Die Vertrauenslehrerin hatte mir deswegen ins Gewissen geredet. Ihrer Meinung nach machte sich die Pause nicht gut im Zeugnis und würde mir bei dem Versuch, ein Stipendium zu bekommen, Probleme bereiten. Aber was hätte ich tun sollen? Sie waren meine Familie und brauchten mich, also gab es gar keine andere Lösung. Sollte ich meine - an Leukämie erkrankte - Mutter einfach im Stich lassen? Oder meine Geschwister? Den leisen Gedanken, dass ich auch gar nicht weggehen konnte zum Studieren, verdrängte ich immer wieder schnell, wenn er kam. Ein Jahr blieb mir noch bis zum Highschoolabschluss. Bis dahin hatte sich bestimmt ein Stammzellenspender gefunden und Mom wurde endlich wieder gesund. Dann konnte ich ganz ohne schlechtes Gewissen an eine gute Uni gehen und Medizin studieren. Mein Traum, Ärztin zu werden und Familien wie uns zu helfen, begleitete mich bereits seit Jahren. Viele hielten die Menschen im Trailerpark für Abschaum und sicherlich stimmte das auch teilweise. Ein paar Leute, die hier lebten, hatten ihre Situation selbst verschuldet, aber bei vielen war es einfach Pech. Das Leben in den USA war hart und der Traum vom Tellerwäscher zum Millionär erfüllte sich nur selten. Eher landeten Menschen aus der Mittelschicht wegen Arbeitslosigkeit oder Krankheit hier und mussten plötzlich in einem Wohnwagen hausen. Bei uns war es ja auch so. Bis Mom krank wurde, hatten wir noch in einer Fünfzimmerwohnung mit einem Minigärtchen gelebt. Derrik, der Vater von Maine, Virginia und Dakota, hatte bei uns gelebt und seinen Anteil zum Unterhalt der Familie geleistet. Er hatte einen guten Job, Mom war halbtags arbeiten gegangen. Bis sich mit der Diagnose Leukämie von einem Tag auf den anderen alles geändert hatte. Derrik hatte angefangen zu saufen und seinen Job verloren, Mom war immer öfter zu schwach gewesen, um ihren Job ausführen zu können ... Dadurch waren wir hier gelandet und gezwungen gewesen, das Beste daraus zu machen. Wenn ich eins von meiner Mutter gelernt hatte, dann nie aufzugeben. Deshalb brachte ich auch den Rest des Schultages bestmöglich herum, ignorierte die dämlichen Sprüche meiner Klassenkameraden und beeilte mich, nach Schulschluss nach Hause zu laufen. Unterwegs kaufte ich noch schnell ein. Viel Geld hatte ich zwar nicht, aber für Nudeln mit Tomatensoße reichte es gerade so. Mr. Prayer, der Besitzer des Gemüseladens, in dem ich manchmal aushalf, winkte mich zu sich heran.
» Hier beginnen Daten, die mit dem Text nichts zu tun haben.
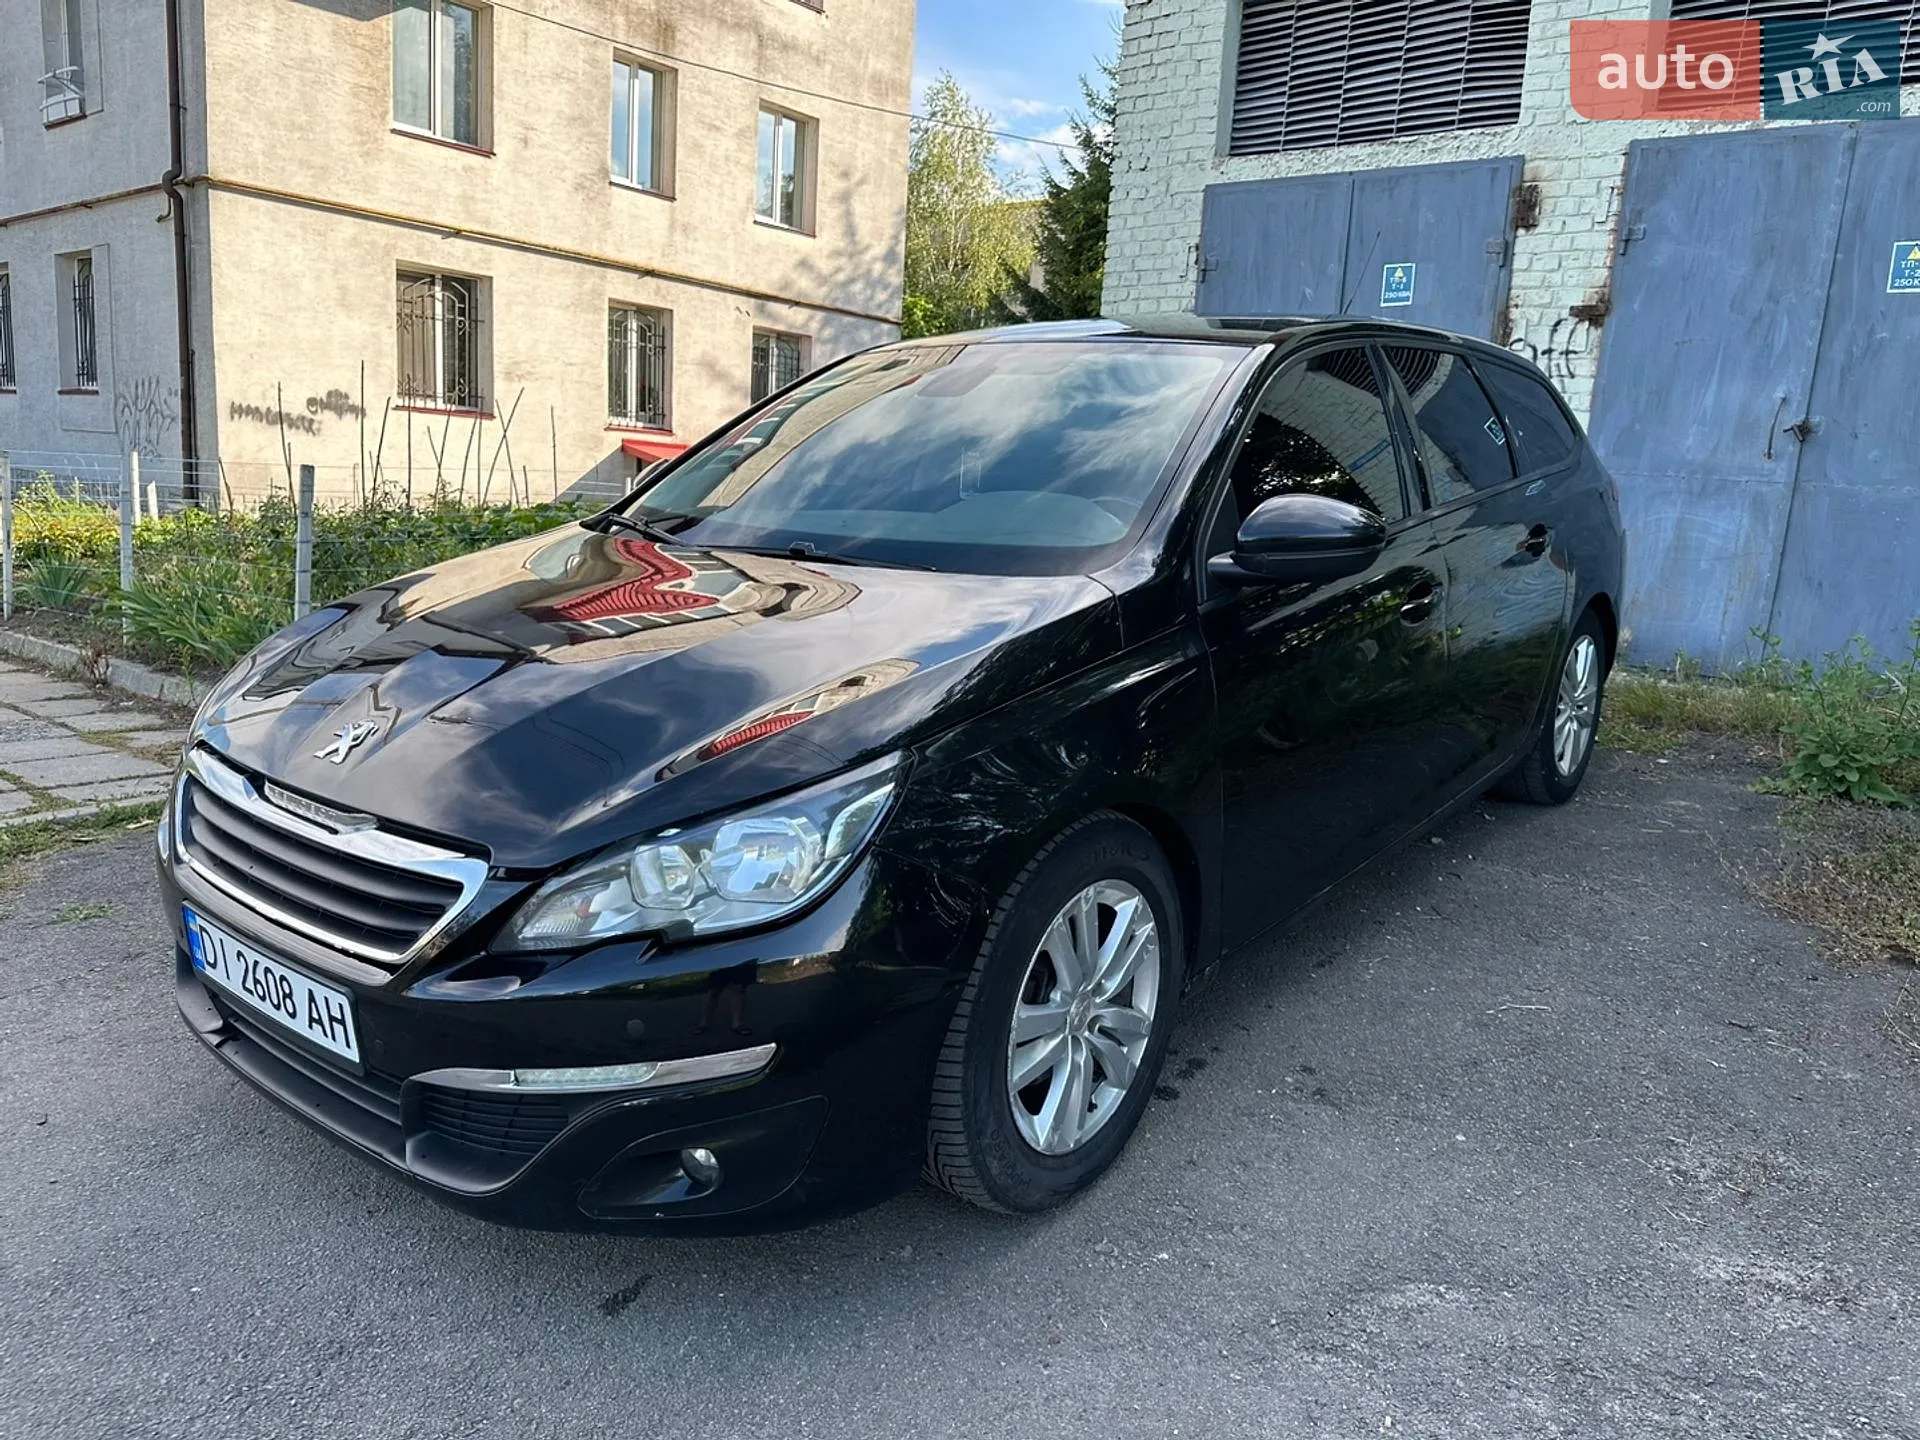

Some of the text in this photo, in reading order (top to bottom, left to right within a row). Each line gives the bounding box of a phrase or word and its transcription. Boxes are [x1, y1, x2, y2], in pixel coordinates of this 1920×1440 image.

»Guten Tag, Mr. Prayer, kann ich Ihnen helfen?« Ich drückte heimlich die Daumen. Nicht nur, dass er gut bezahlte, er gab mir auch noch manchmal Obst und Gemüse extra mit. Vitamine waren so wichtig für Mom und auch für die Kinder.
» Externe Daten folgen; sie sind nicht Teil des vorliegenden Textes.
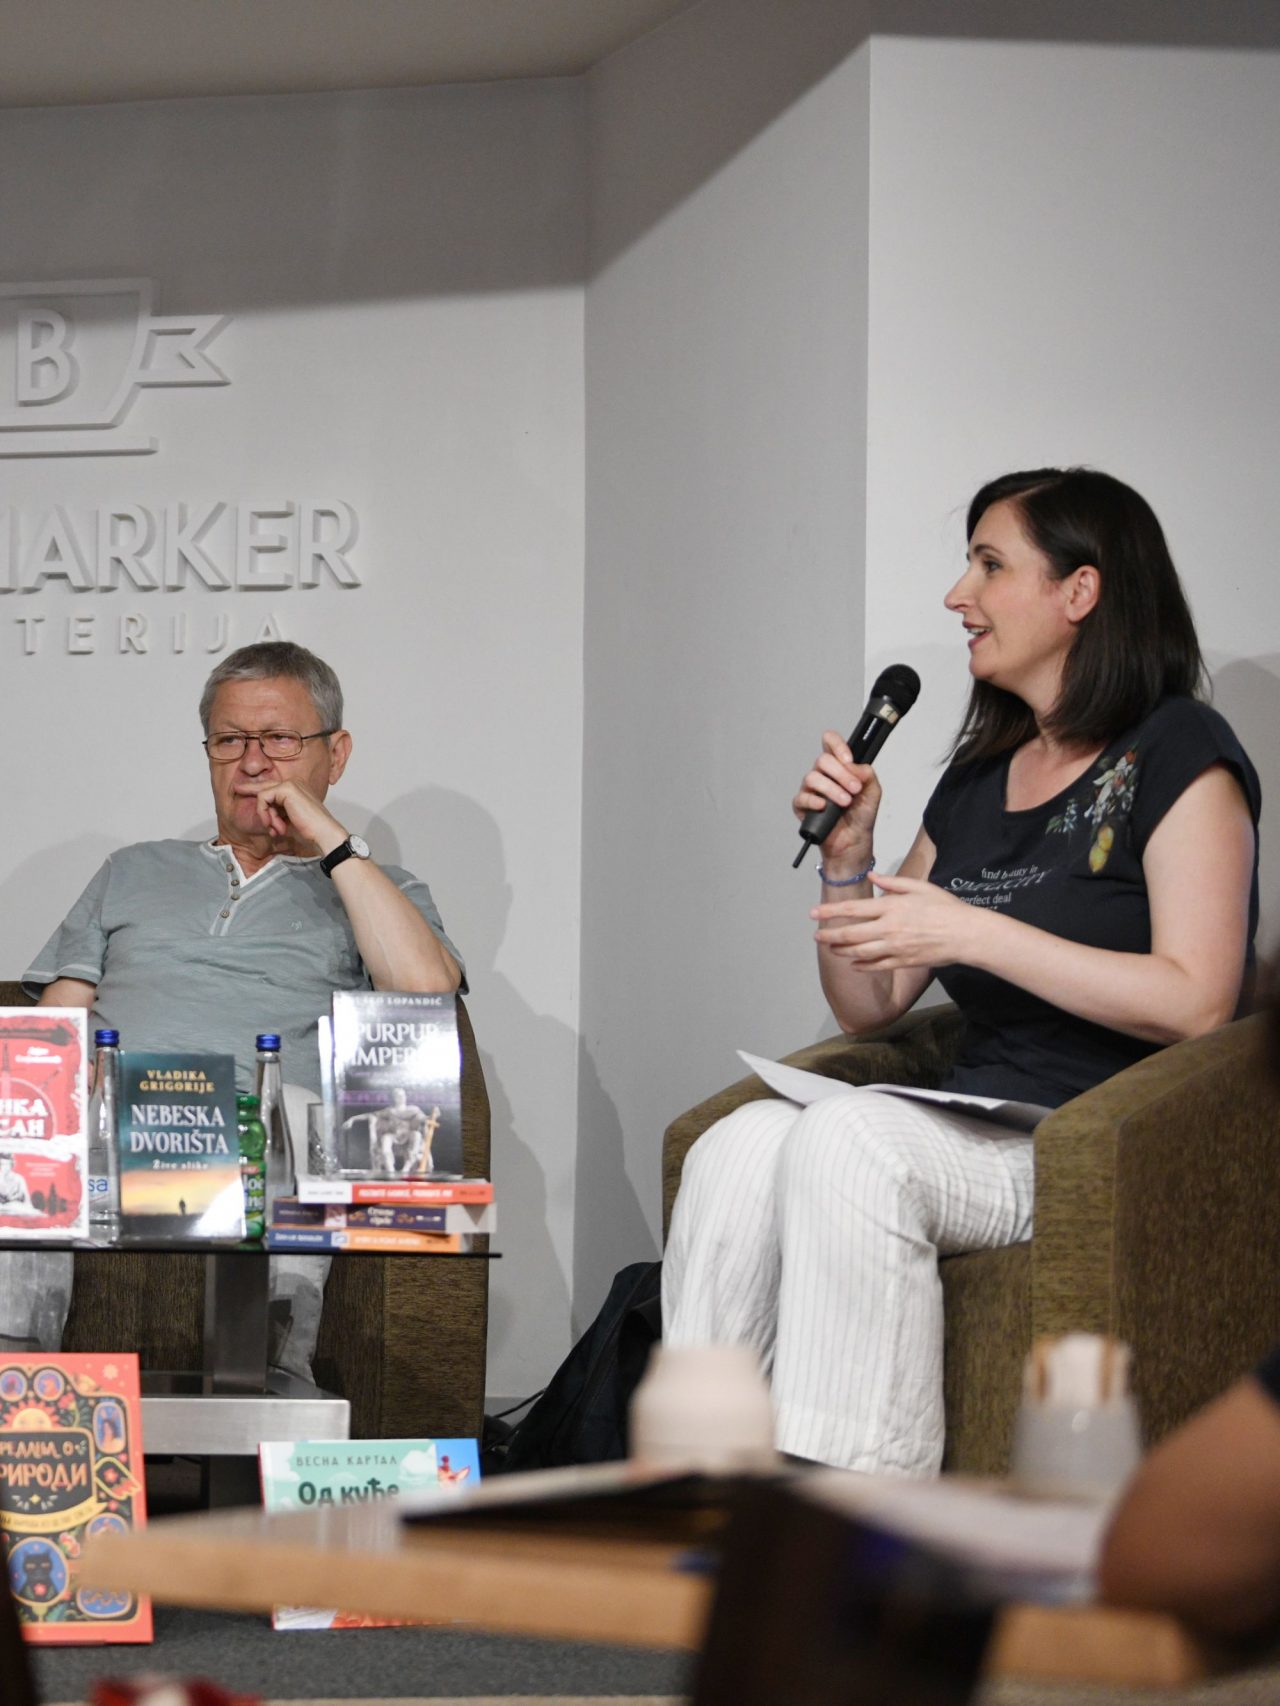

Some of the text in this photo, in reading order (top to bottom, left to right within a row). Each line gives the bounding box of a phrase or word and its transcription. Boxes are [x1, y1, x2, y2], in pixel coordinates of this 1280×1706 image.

[992, 892, 1012, 904] deal
[146, 1069, 207, 1081] VLADIKA
[139, 1080, 215, 1094] GRIGORIJE
[130, 1104, 226, 1128] NEBESKA
[129, 1128, 230, 1155] DVORIŠTA
[296, 1454, 398, 1467] ВЕСНА КАРТАЛ
»Hast du am Samstag Zeit? Ich muss zum Großmarkt, und meine Frau schafft es nicht allein im Laden.« Natürlich hatte ich da Zeit, begeistert sagte ich zu. Ganze acht Stunden Arbeit warteten auf mich, für die er mir achtzig Dollar versprach. Wer - außer ihm - zahlte einem Schulmädchen schon zehn Dollar pro Stunde? Die meisten versuchten sogar, unter dem Mindestlohn zu bleiben, schließlich gab es genug Menschen, die dringend einen Job suchten. Die Arbeitgeber waren nicht auf ein junges Mädchen wie mich angewiesen.

Ich verabschiedete mich und lief schnell weiter Richtung Trailerpark. Ich beeilte mich, damit die Kleinen Mom nicht zu sehr belasteten. Etwa hundert Meter vor dem Gebäude von ›Hope vor Kids‹ blieb ich staunend stehen. Hier tat sich etwas. Mehrere Baumaschinen standen bereit, und es sah so aus, als wollten sie das Haus abreißen. Das durfte doch nicht wahr sein. Eine ganze Traube von Menschen hatte sich auf der Straße versammelt, und ein Mann mit Bauhelm, der vor dem Eingang auf einer Art provisorischer Bühne stand, erklärte irgendetwas. Ich musste unbedingt näher heran, um zu erfahren, was hier los war. Sie konnten das ›Hope‹, wie viele es nur nannten, doch nicht einfach abreißen. Für viele Kinder im Viertel würde das den endgültigen Absturz bedeuten. Ich wollte mir gar nicht vorstellen, dass die Kleinen wie Utah - mein Bruder - enden könnten. Er hatte sich mit den falschen Leuten eingelassen und krumme Dinger gedreht. Nun saß er deswegen im Knast und war dort auch noch einer Gang beigetreten. Seine Zukunft sah ich klar vor mir, und sie war alles andere als das, was ich für meine anderen Geschwister erhoffte.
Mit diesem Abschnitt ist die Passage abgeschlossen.